Page MenuHomePhabricator

Suggest results which differ in diacritics (missing ascii normalized lookup)
Closed, ResolvedPublic

Description

Steps to reproduce:

  1. visit http://hu.wikipedia.org
  2. type "kurtvirag" in the search box

Expected: [[hu:Kürtvirág]] is suggested

Actual: no suggestions

This is particularly problematic because people often don't have access to the right type of keyboard, and have only very inconvenient ways of entering characters with diacritics. On mobile, entering diacritics is inconvenient even when the keyboard is set up correctly.

The old behavior was to drop all diacritics for indexing, which was not great, but better than the current one.

The ideal behavior would be to index both the exact and the stripped title, and give more weight to the first; so search suggestions with different diacritics would not crowd out better matches but would still appear if there is no perfect match.


Version: unspecified
Severity: normal
See Also:
https://bugzilla.wikimedia.org/show_bug.cgi?id=62322

Details

Reference
bz67521

Event Timeline

bzimport raised the priority of this task from to Medium.Nov 22 2014, 3:34 AM
bzimport added a project: CirrusSearch.
bzimport set Reference to bz67521.
bzimport added a subscriber: Unknown Object (MLST).

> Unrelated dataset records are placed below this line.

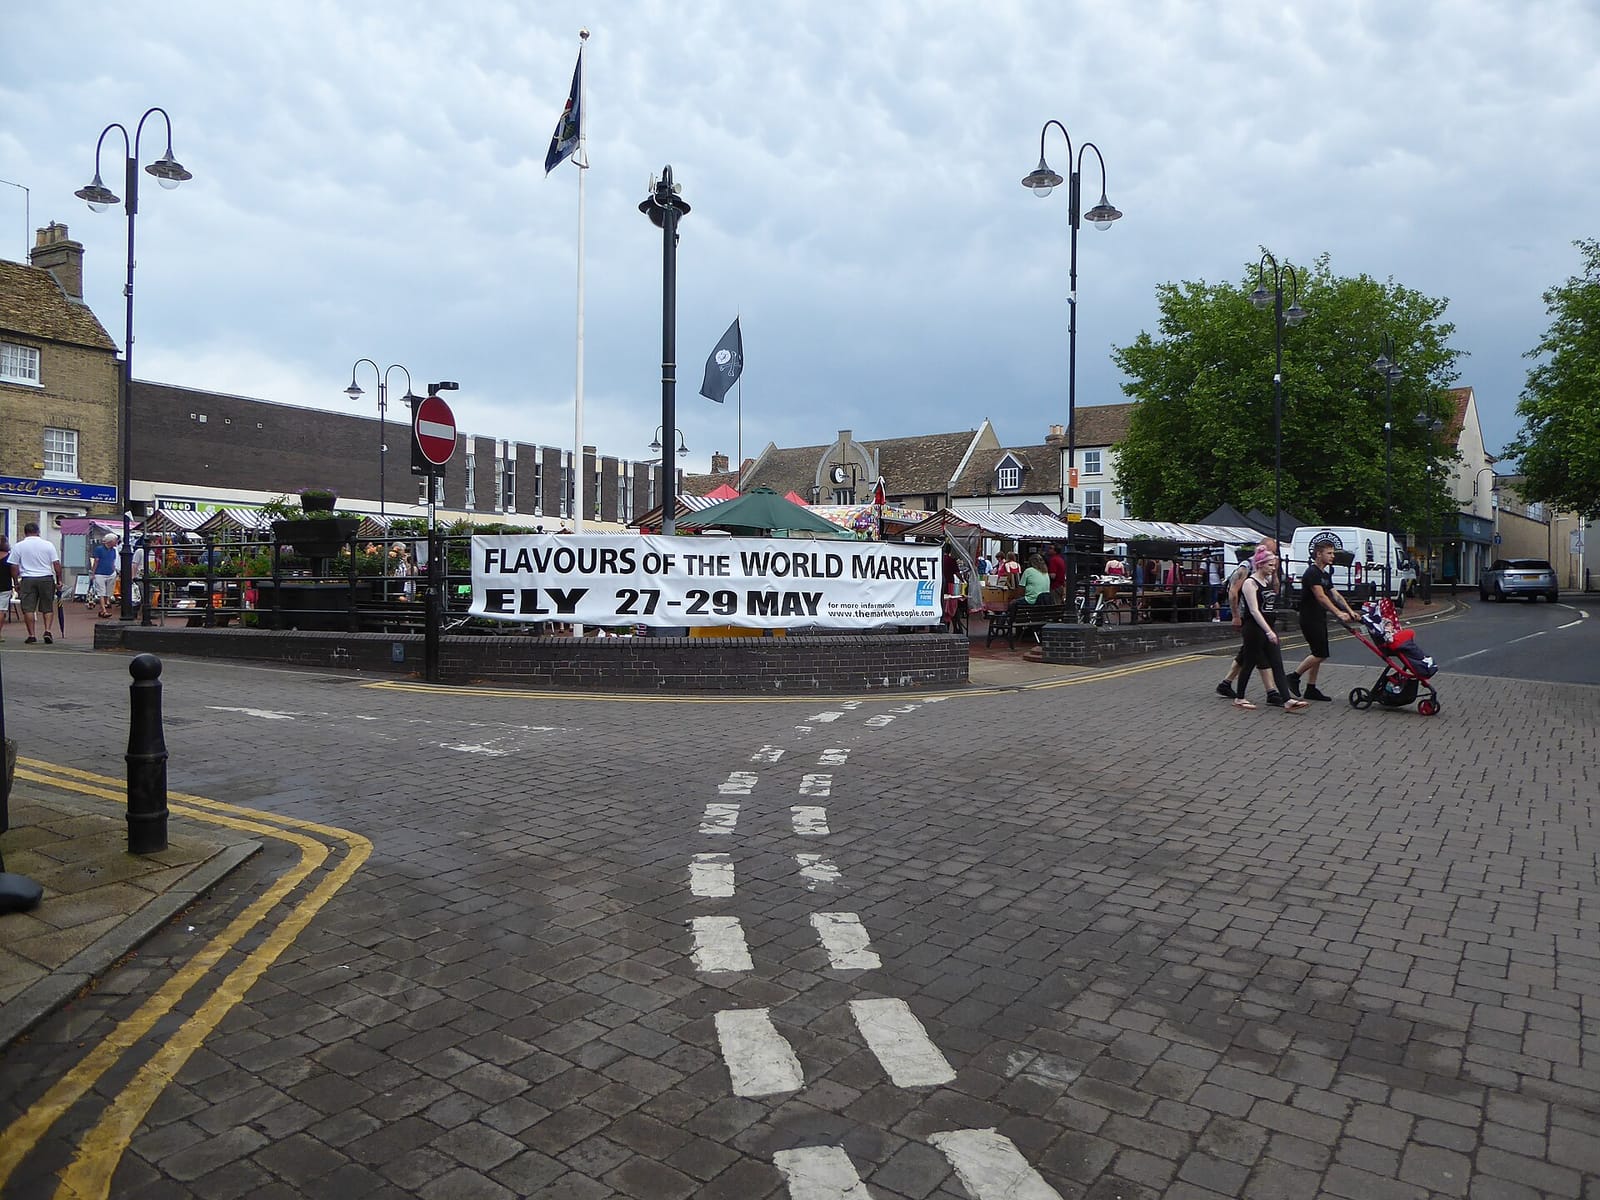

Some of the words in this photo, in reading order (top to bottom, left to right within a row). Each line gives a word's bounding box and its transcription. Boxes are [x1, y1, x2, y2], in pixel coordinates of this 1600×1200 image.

[485, 548, 636, 574] FLAVOURS
[642, 552, 676, 575] OF
[683, 555, 730, 577] THE
[740, 552, 843, 578] WORLD
[852, 555, 939, 580] MARKET
[484, 588, 590, 614] ELY
[747, 590, 824, 617] MAY
[828, 609, 935, 619] www.themarketpeople.com
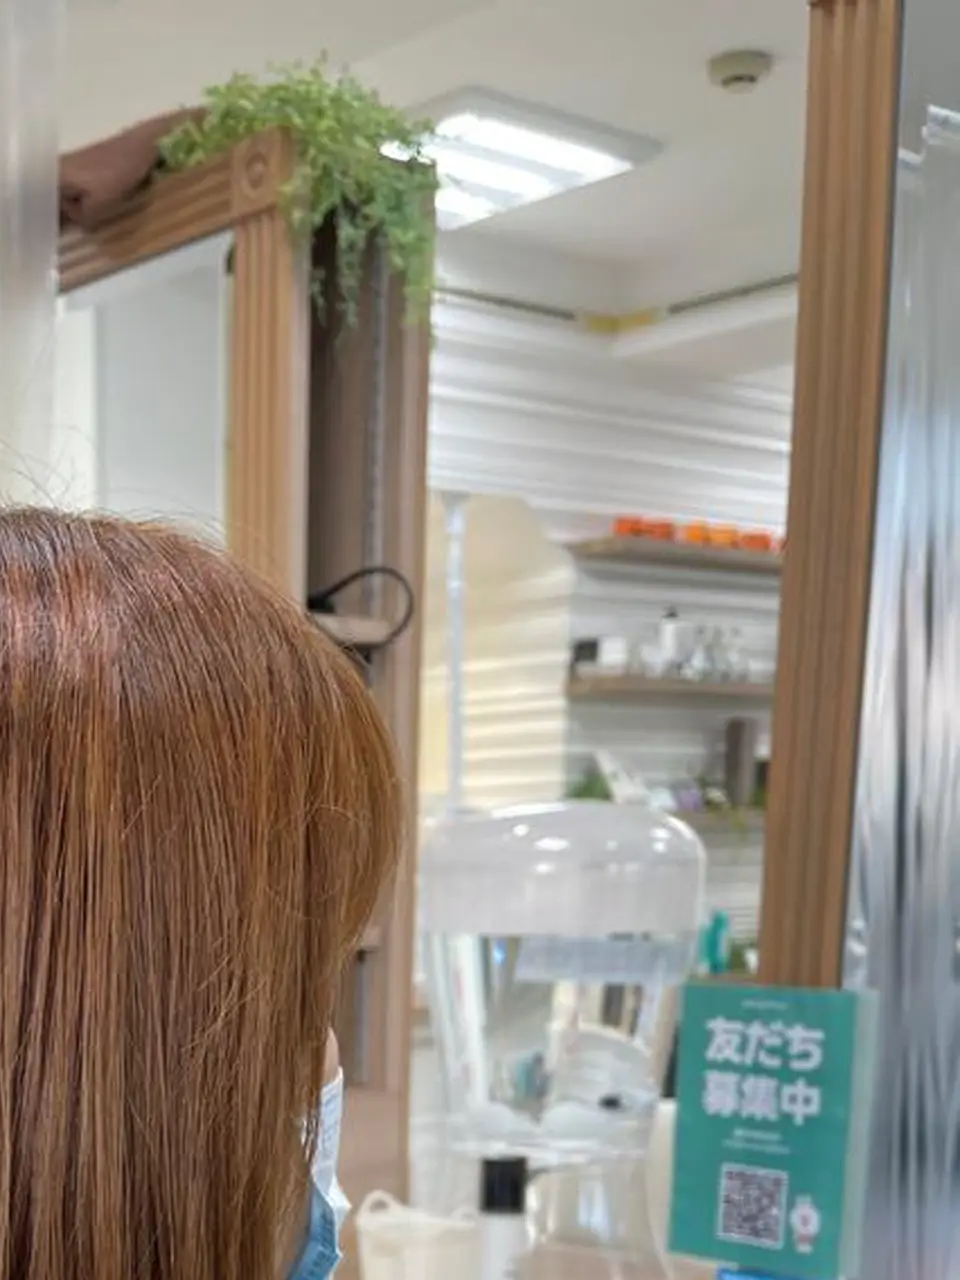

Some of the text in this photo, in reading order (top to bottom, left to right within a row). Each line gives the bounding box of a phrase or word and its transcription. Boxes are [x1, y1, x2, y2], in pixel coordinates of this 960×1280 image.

[706, 1016, 825, 1070] 友だち
[702, 1071, 821, 1125] 募集中

Can the new search be configured per site? There is a discussion about this problem on fiwiki as well, and one of us noticed that the search behaves differently on dewiki:

  1. Go to http://de.wikipedia.org/
  2. Type "aanekos" in the search box.

Result: The search suggests "Äänekoski".

(In reply to Tisza Gergő from comment #0)

Steps to reproduce:

  1. visit http://hu.wikipedia.org
  2. type "kurtvirag" in the search box

Expected: [[hu:Kürtvirág]] is suggested

Actual: no suggestions

The ideal behavior would be to index both the exact and the stripped title,
and give more weight to the first; so search suggestions with different
diacritics would not crowd out better matches but would still appear if
there is no perfect match.

Two solutions:
Better suggestions: Add an ascii normalized lookup for suggestions. It looks like German already does this so I'd just have to figure out how and use it in more places.

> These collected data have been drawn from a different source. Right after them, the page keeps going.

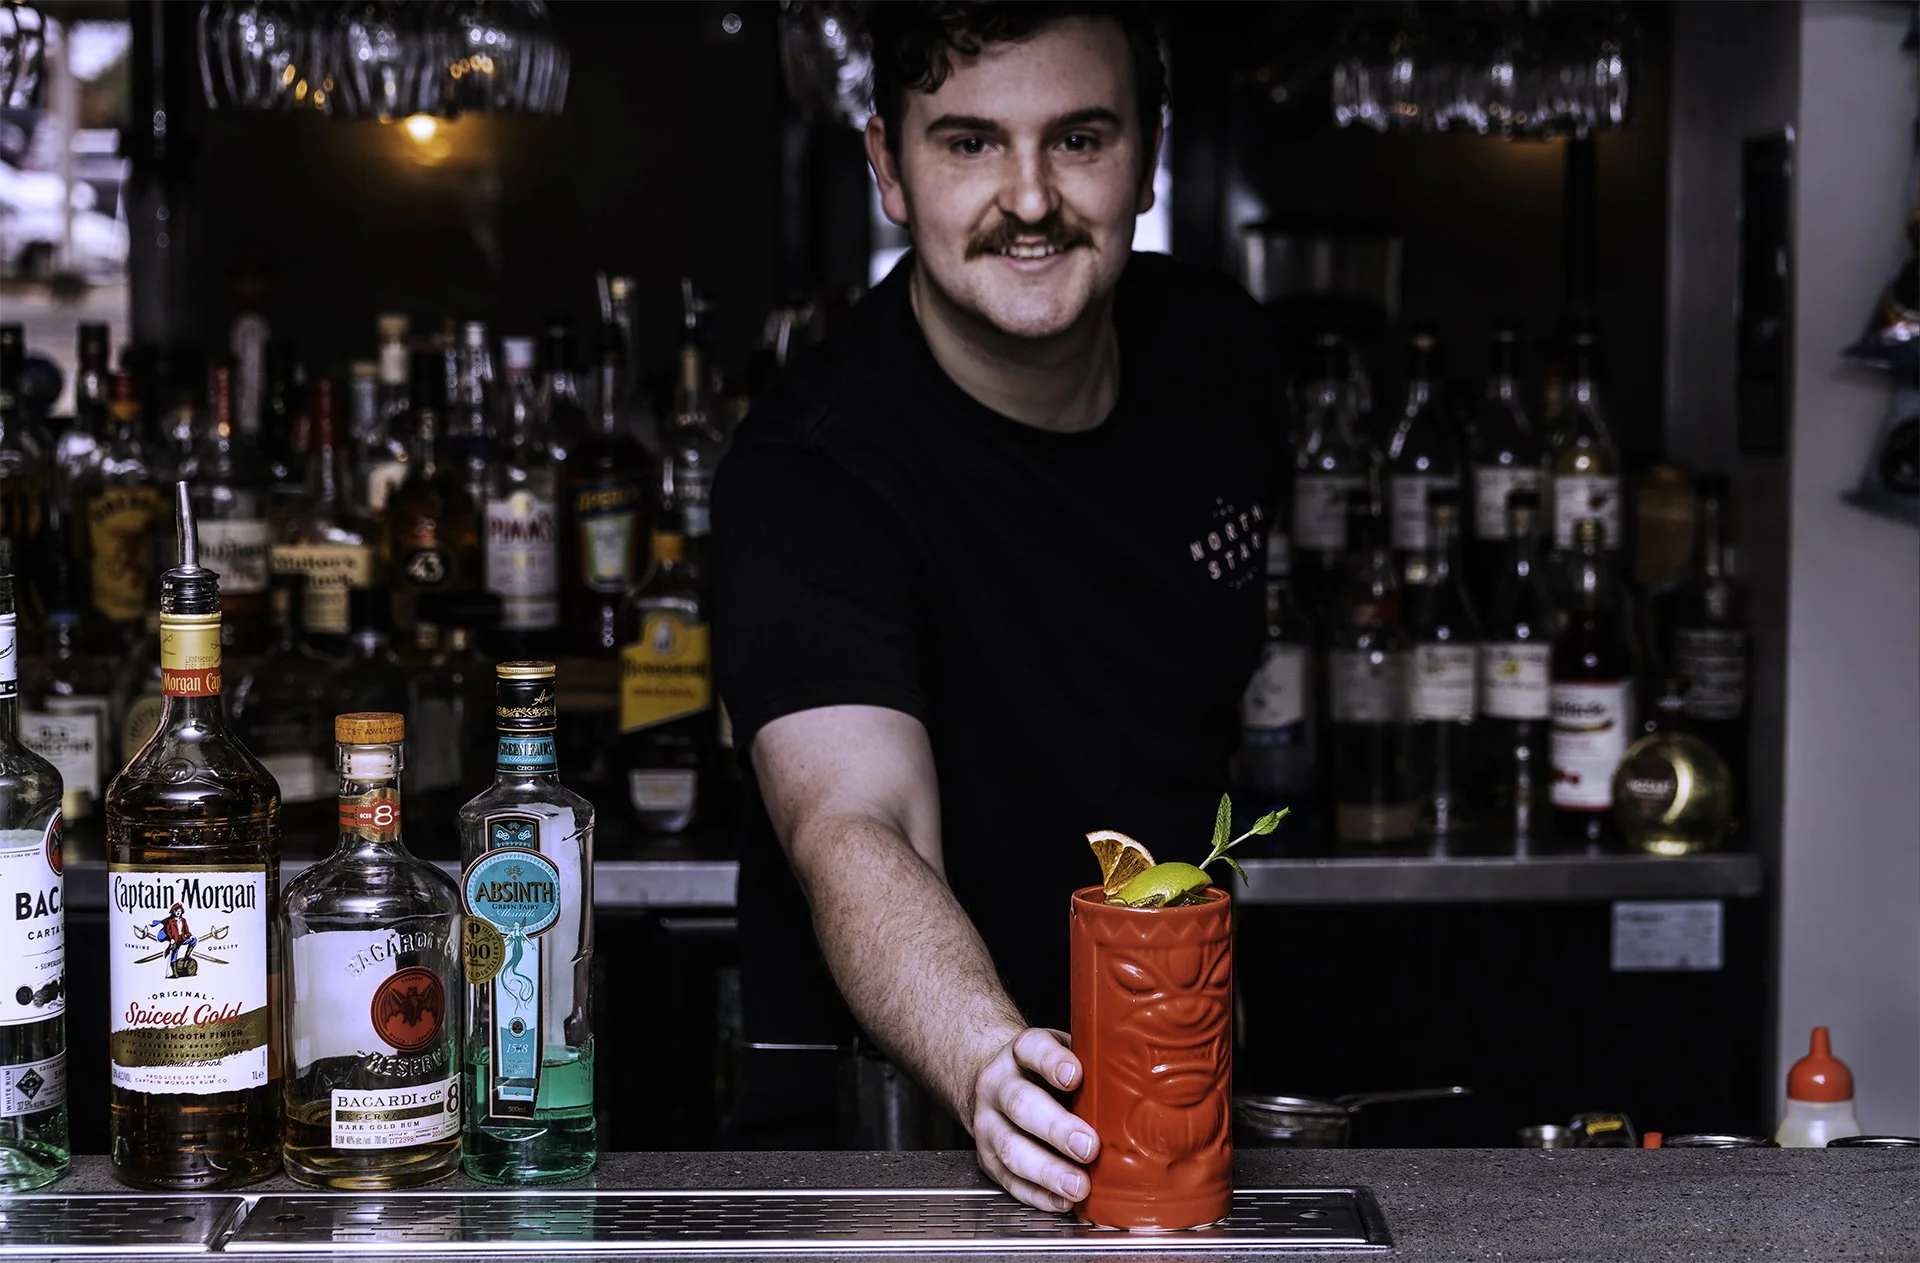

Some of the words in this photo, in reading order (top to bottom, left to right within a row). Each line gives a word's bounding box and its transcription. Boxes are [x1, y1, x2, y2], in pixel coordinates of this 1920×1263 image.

[1189, 502, 1264, 562] NORTH
[1208, 531, 1262, 581] STAR
[163, 672, 201, 695] Morgan
[374, 804, 393, 826] 8
[114, 875, 174, 914] Captain
[176, 878, 256, 914] Morgan
[475, 880, 554, 903] ABSINTH
[28, 926, 60, 941] CARTA
[208, 944, 238, 952] QUALITY
[152, 991, 207, 1000] ORIGINAL
[125, 1001, 190, 1026] Spiced
[193, 1001, 243, 1029] Gold
[210, 1029, 243, 1040] FINISH
[337, 1093, 418, 1108] BACARDI
[445, 1082, 459, 1114] 8
[369, 1122, 396, 1131] GOLD
[401, 1120, 420, 1129] RUM

Weighted search: Everywhere where we search look with the diacritics and without - with gets more boost.

Hmmm - so we already perform some weighted search: exact matches are worth more then normalized (non-conjugated, non-declined, etc) matches. I'm worried adding another layer would be nasty from a performance perspective. The suggestions might be faster. I'm not really sure. I'll have to sleep on it.

(In reply to Mikko Silvonen from comment #1)

Can the new search be configured per site?

It certainly can. If the language is in this list then it already is:
arabic, armenian, basque, brazilian, bulgarian, catalan, chinese, cjk, czech, danish, dutch, english, finnish, french, galician, german, greek, hindi, hungarian, indonesian, irish, italian, norwegian, persian, portuguese, romanian, russian, sorani, spanish, swedish, turkish, thai.

Both Finnish and Hungarian are in the list so they are getting whatever the Lucene project things are good defaults. I'm happy to customize it from there.

In the mean time, I'm setting this to "Normal" priority. It won't be the top of my list but its certainly on it. Feel free to poke the priority if lack of this makes search horrible for you.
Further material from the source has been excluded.